James Henstridge <[EMAIL PROTECTED]> writes:

> On 11 Apr 2001, Bernhard Herzog wrote:

> > However, IIRC, calling a baseclass' method in a method has to be done
> > slightly different. E.g.
> >
> >         class MyBox(GtkBaseClass):
> >
> >                 def __init__(self):
> >                         GtkBaseClass.__init__(self)
> 
> This works with ExtensionClass.  ExtensionClass is designed to create
> types that act as much like python classes as possible, so it would be a
> bug if this didn't work.

Well, the ExtensionClass docs contain the following example, which is
actually a bit different (i.e.
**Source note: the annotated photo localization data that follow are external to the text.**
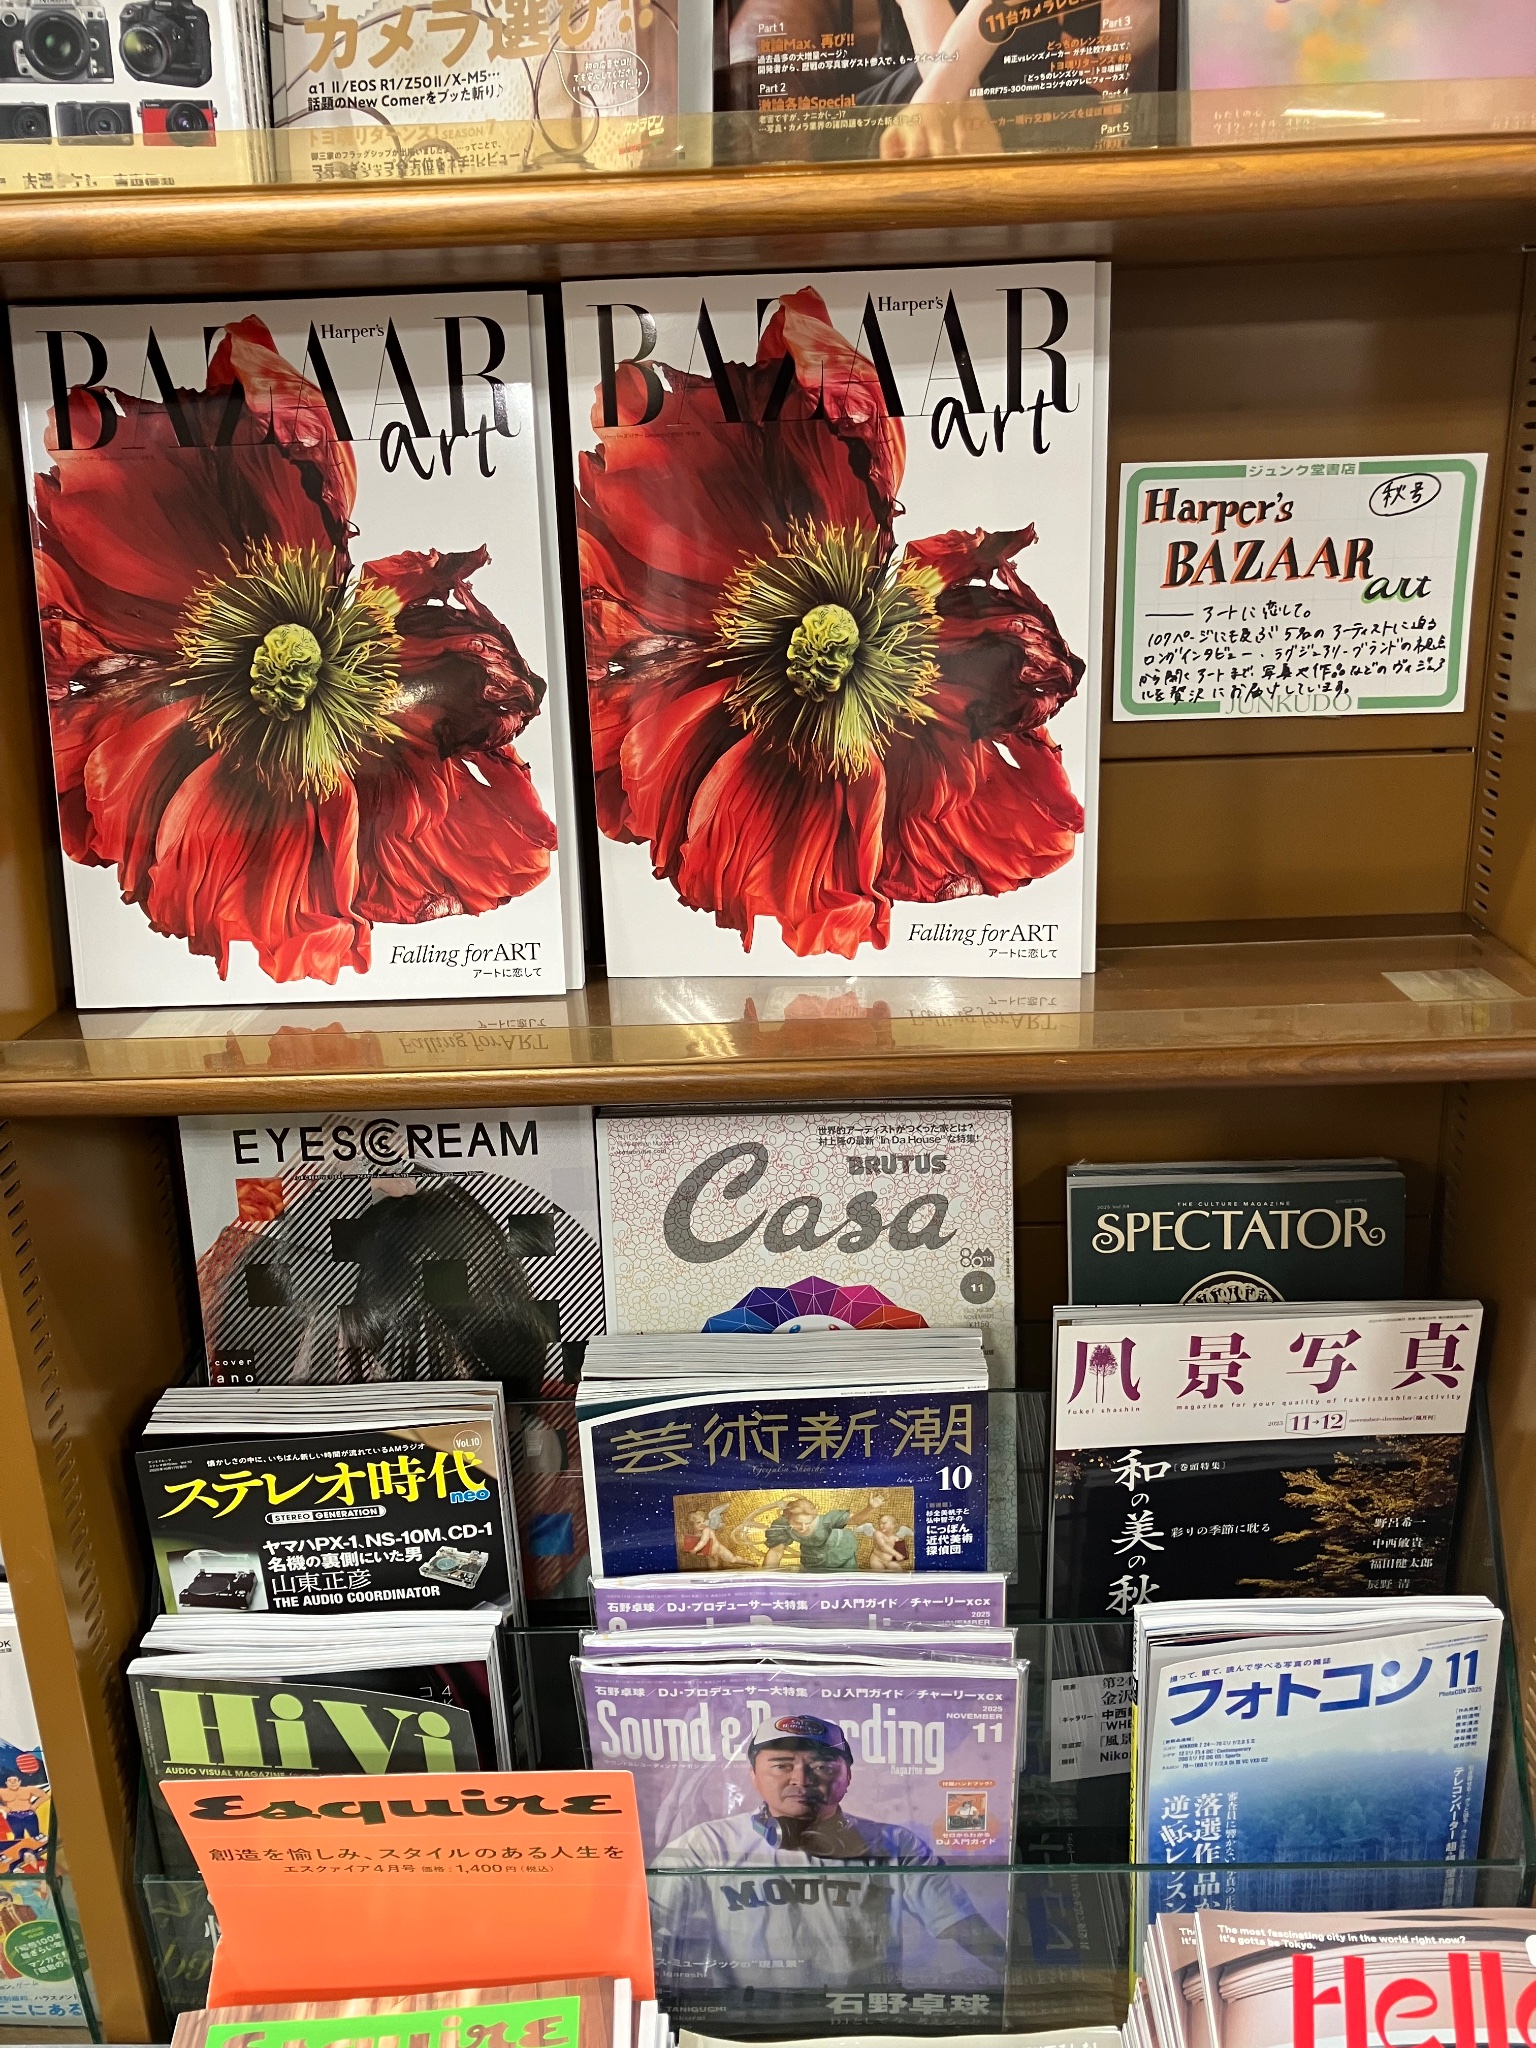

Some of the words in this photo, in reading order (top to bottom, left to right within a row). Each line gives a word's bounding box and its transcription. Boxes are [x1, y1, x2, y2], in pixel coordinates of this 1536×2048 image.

[758, 23, 777, 34] Part
[779, 22, 785, 32] 1
[1102, 18, 1120, 30] Part
[1124, 16, 1131, 26] 3
[759, 83, 779, 94] Part
[780, 82, 786, 92] 2
[1102, 90, 1120, 100] Part
[1101, 124, 1120, 136] Part
[1122, 122, 1129, 132] 5
[877, 294, 944, 317] Harper's
[320, 323, 386, 344] Harper's
[586, 287, 1081, 429] BAZAAR
[36, 316, 521, 450] BAZAAR
[930, 389, 1057, 457] art
[379, 414, 499, 481] art
[1249, 463, 1356, 477] ジュンク堂書店
[1382, 480, 1425, 508] 秋号
[1142, 487, 1294, 535] Harper's
[1160, 536, 1374, 589] BAZAAR
[1361, 575, 1432, 605] art
[1225, 693, 1352, 714] JUNKUDO
[908, 924, 976, 945] Falling
[390, 944, 460, 967] Falling
[988, 948, 1058, 958] アートに恋して
[473, 967, 542, 978] アートに恋して
[892, 1135, 906, 1144] Da
[846, 1153, 950, 1176] BRUTUS
[663, 1141, 959, 1264] Casa
[1092, 1207, 1386, 1254] SPECTATOR
[971, 1284, 984, 1292] 11
[214, 1357, 253, 1368] cover
[216, 1372, 254, 1384] ano
[1101, 1406, 1141, 1414] shashin
[1176, 1403, 1225, 1411] magazine
[1252, 1401, 1276, 1409] your
[1282, 1398, 1321, 1406] quality
[455, 1436, 480, 1448] Vol.10
[609, 1403, 974, 1475] 芸術新潮
[157, 1450, 488, 1520] ステレオ時代
[935, 1465, 973, 1492] 10
[450, 1488, 491, 1504] neo
[274, 1512, 312, 1522] STEREO
[315, 1507, 379, 1520] GENERATION
[926, 1522, 970, 1535] にっぽん
[1106, 1447, 1172, 1616] 和の美の秋
[1170, 1522, 1271, 1538] 彩りの季節に耽る
[925, 1533, 974, 1546] 近代美術
[925, 1544, 962, 1556] 探偵団
[267, 1548, 424, 1572] 名機の裏側にいた男
[1370, 1557, 1434, 1570] 福田健太郎
[271, 1568, 373, 1596] 山東正彦
[273, 1597, 300, 1609] THE
[302, 1592, 344, 1607] AUDIO
[346, 1585, 441, 1604] COORDINATOR
[1445, 1649, 1479, 1689] 11
[1167, 1657, 1433, 1727] フォトコン
[1467, 1685, 1483, 1694] 2025
[945, 1712, 1003, 1720] NOVEMBER
[150, 1688, 457, 1775] HiVi
[597, 1699, 716, 1762] Sound
[720, 1716, 748, 1761] &
[971, 1723, 1003, 1743] 11
[165, 1766, 198, 1775] AUDIO
[199, 1768, 233, 1777] VISUAL
[235, 1770, 285, 1778] MAGAZINE
[890, 1765, 923, 1777] Magazine
[188, 1788, 623, 1826] Esquire
[208, 1846, 624, 1862] 創造を愉しみ、スタイルのある人生を
[1217, 1924, 1238, 1934] The
[1239, 1926, 1266, 1937] most
[1267, 1928, 1325, 1943] fascinating
[1326, 1932, 1346, 1944] city
[1347, 1933, 1357, 1942] in
[1359, 1933, 1377, 1944] the
[1378, 1934, 1409, 1945] world
[1411, 1935, 1436, 1947] right
[1438, 1936, 1466, 1945] now?
[1219, 1933, 1236, 1943] It's
[1238, 1935, 1265, 1947] gotta
[1267, 1937, 1281, 1947] be
[1283, 1938, 1317, 1950] Tokyo.
[825, 1992, 990, 2016] 石野卓球
I did not remember correctly) from the
situation above (taken from the ExtensionClass.stx that comes with Zope
2.3.0:

      from ExtensionClass import Base

      class Spam:

        def __init__(self, name):
          self.name=name

      class ECSpam(Base, Spam):

        def __init__(self, name, favorite_color):
          Spam.__init__(self,name)
          self.favorite_color=favorite_color

and the docs go on to say:

    This implementation will fail when an 'ECSpam' object is
    instantiated.  The problem is that 'ECSpam.__init__' calls
    'Spam.__init__', and 'Spam.__init__' can only be called with a
    Python instance (an object of type '"instance"') as the first
    argument.  The first argument passed to 'Spam.__init__' will be an
    'ECSpam' instance (an object of type 'ECSPam').

So at least mixin classes are a bit of a problem with ExtensionClasses
(there's a solution to the problem given in the docs, however). It may
well be that with Python 2.0 this is not an issue anymore.